From evidence to impact

Karl Lauterbach
Karl Lauterbach at the Cutter Lecture

Epidemiology—and turning research findings into policy—are both key to improving public health, says German health minister Karl Lauterbach at Cutter Lecture

December 15, 2022 – One day in the mid-1980s, when then-medical student Karl Lauterbach was learning the ropes in the operating room at the University of Texas–San Antonio, he came to the realization that for every ten patients, eight or nine of them had diseases or injuries that could have been prevented.

“That’s actually how I made up my mind to leave surgery and move forward into epidemiology,” Lauterbach told a packed audience in Harvard T.H. Chan School of Public Health’s Snyder Auditorium on December 9. “We know so much, but so little of it gets worked into practice.”

Lauterbach, an adjunct professor of health policy and management at Harvard Chan School who is currently serving as the federal health minister of Germany, was on hand to deliver the 174th Cutter Lecture, the oldest lecture in epidemiology and prevention, established by the bequest of John Clarence Cutter in 1912. In his address, Lauterbach examined how to improve the implementation of epidemiological research so as to provide greater benefit to patients and the public.

“From the very beginning of my career, I have always felt the tension between the beauty of science and the necessity to bring science into practice,” said Lauterbach, who earned three degrees at Harvard Chan School in the 1990s before going on to advise politicians in Germany, eventually becoming a member of the German Bundestag himself.

As health minister, Lauterbach has been involved in multiple efforts to translate health research into policy, such as shortening hospital stays so they don’t last longer than what is medically necessary, and enacting minimum volume laws for surgeries, in keeping with research showing that death rates decline when surgeons have more familiarity with procedures. Germany has also enacted disease management programs based on the latest evidence about best practices, and has tied hospital reimbursements in part to how closely these practices are followed.

For his talk, Lauterbach focused on three areas—aging, climate change, and environmental health—that could see improved outcomes if evidence-based practices were more widely implemented. In both Europe and the U.S., he said, doctors and public health officials are dramatically underprepared for the health challenges that will emerge when boomers age out of the workforce and develop multiple chronic conditions. “[The boomers] will basically switch sides from currently being the most important providers of medical care to being the recipients of medical care,” Lauterbach said. As the population ages there will be increasing cases of cancer and dementia, he noted.

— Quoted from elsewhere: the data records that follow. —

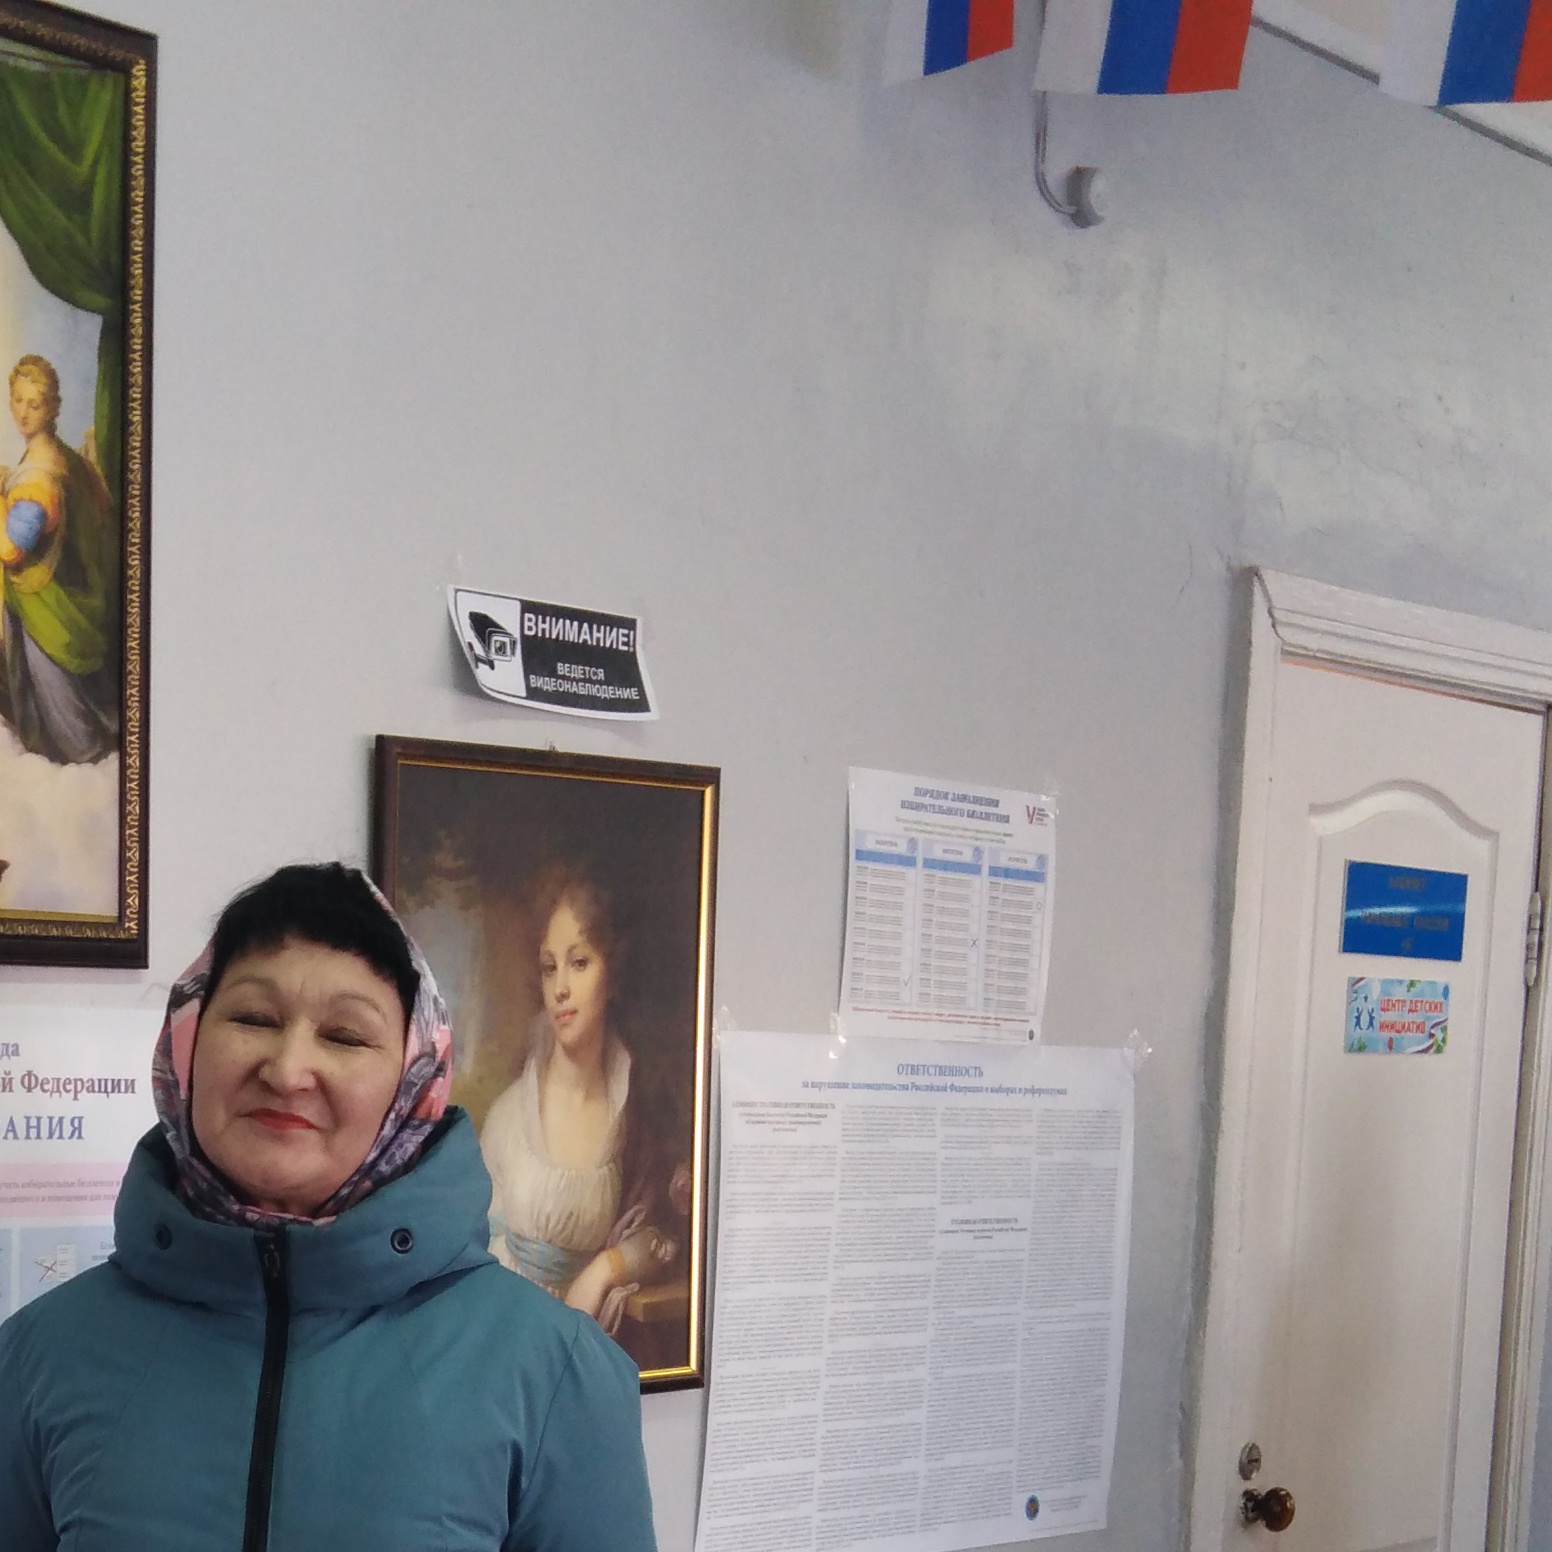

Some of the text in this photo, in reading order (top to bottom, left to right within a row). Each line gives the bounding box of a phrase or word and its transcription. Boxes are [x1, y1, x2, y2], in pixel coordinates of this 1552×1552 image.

[523, 612, 635, 652] ВНИМАНИЕ!
[557, 662, 605, 681] ВЕДЕТСЯ
[529, 674, 640, 700] ВИДЕОНАБЛЮДЕНИЕ
[1380, 998, 1443, 1014] ЦЕНТР ДЕТСКИХ
[897, 1063, 984, 1078] ОТВЕТСТВЕННОСТЬ
[20, 1070, 136, 1101] Федерации
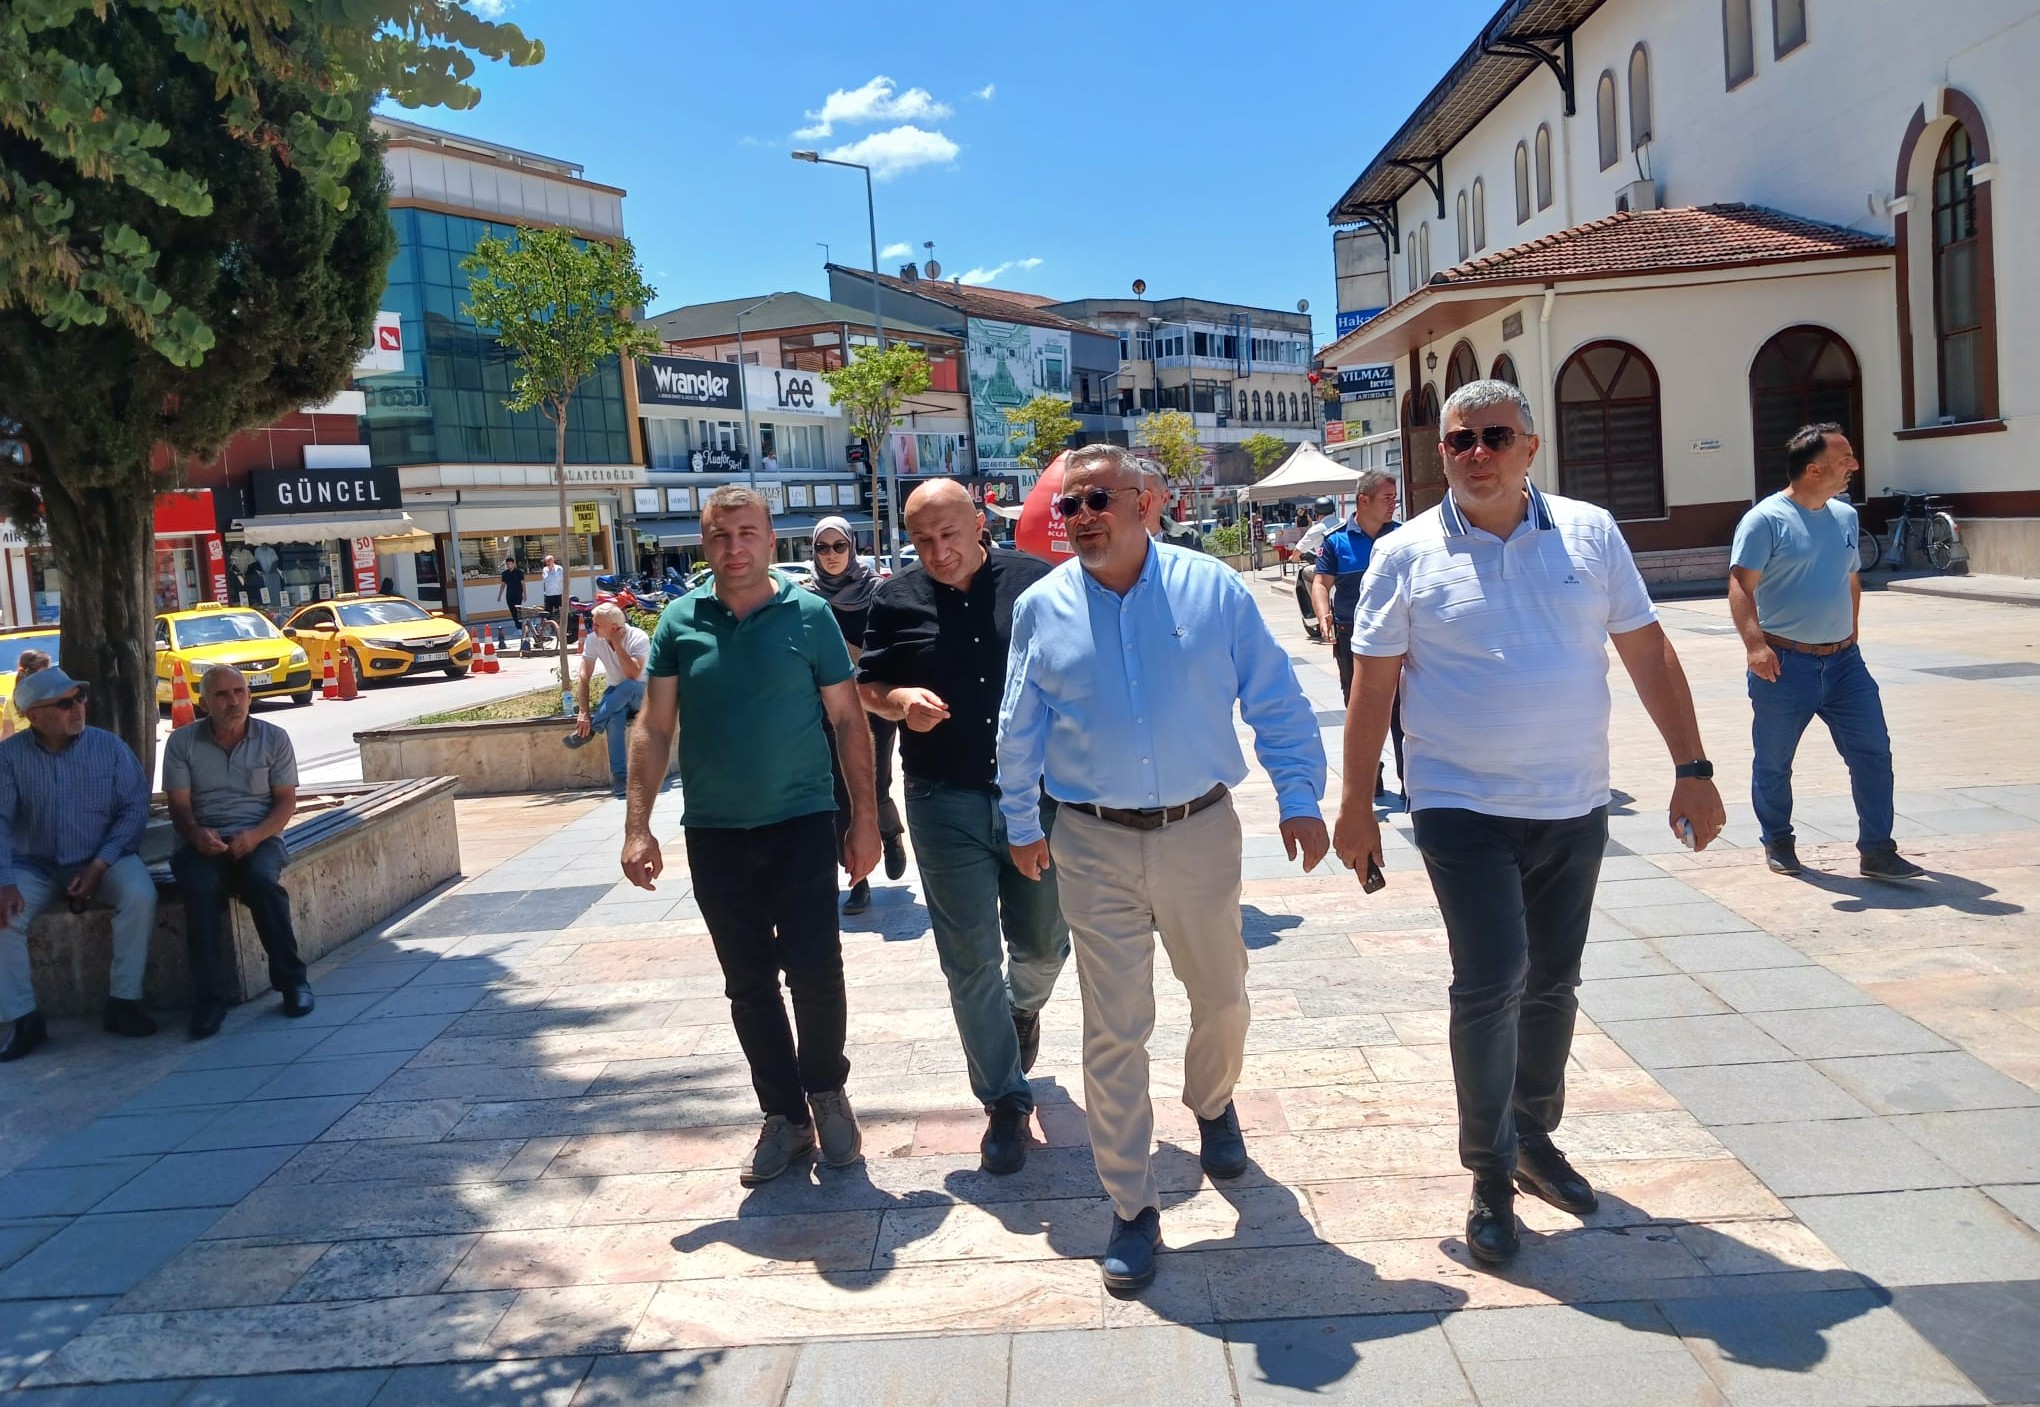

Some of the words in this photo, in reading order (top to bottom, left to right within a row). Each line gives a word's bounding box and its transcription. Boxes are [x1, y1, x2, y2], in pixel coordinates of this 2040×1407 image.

One good option for cancer patients could be the creation of more specialized centers for treatment, as evidence has shown that such centers are associated with longer lifespans and better quality of life, he said.

Discussing climate change, Lauterbach noted that people don’t necessarily focus on its potential health impacts but there are plenty of them, including drought, hunger, storm damage, increased conflict, and more pandemics. By drawing attention to these effects, health advocates may be able to sway public officials to focus on concrete steps they can take to lower emissions, including policies supporting zero-emission buildings and sustainable agriculture practices.

Lauterbach also spoke about the importance of applying evidence to policies around other environmental health issues, such as air pollution, particularly in developing countries. As an example, he noted that one of the major drivers of fine particle–related cardiovascular diseases in Africa is cooking with wood. “If cooking was done with electrical sources, then many of those patients would simply never develop the disease,” he said. Often, he added, this kind of intervention don’t take huge amounts of cash to implement. “These are not expensive investments,” he said. “It is simply putting knowledge into practice.”

Bridging the gap between existing research and the policymakers who have the power to implement it could help save countless lives, according to Lauterbach. “I truly believe epidemiology is the key science for the problems we are facing,” he said. “Policy expertise and epidemiology are the twin sciences in order to make a better world.”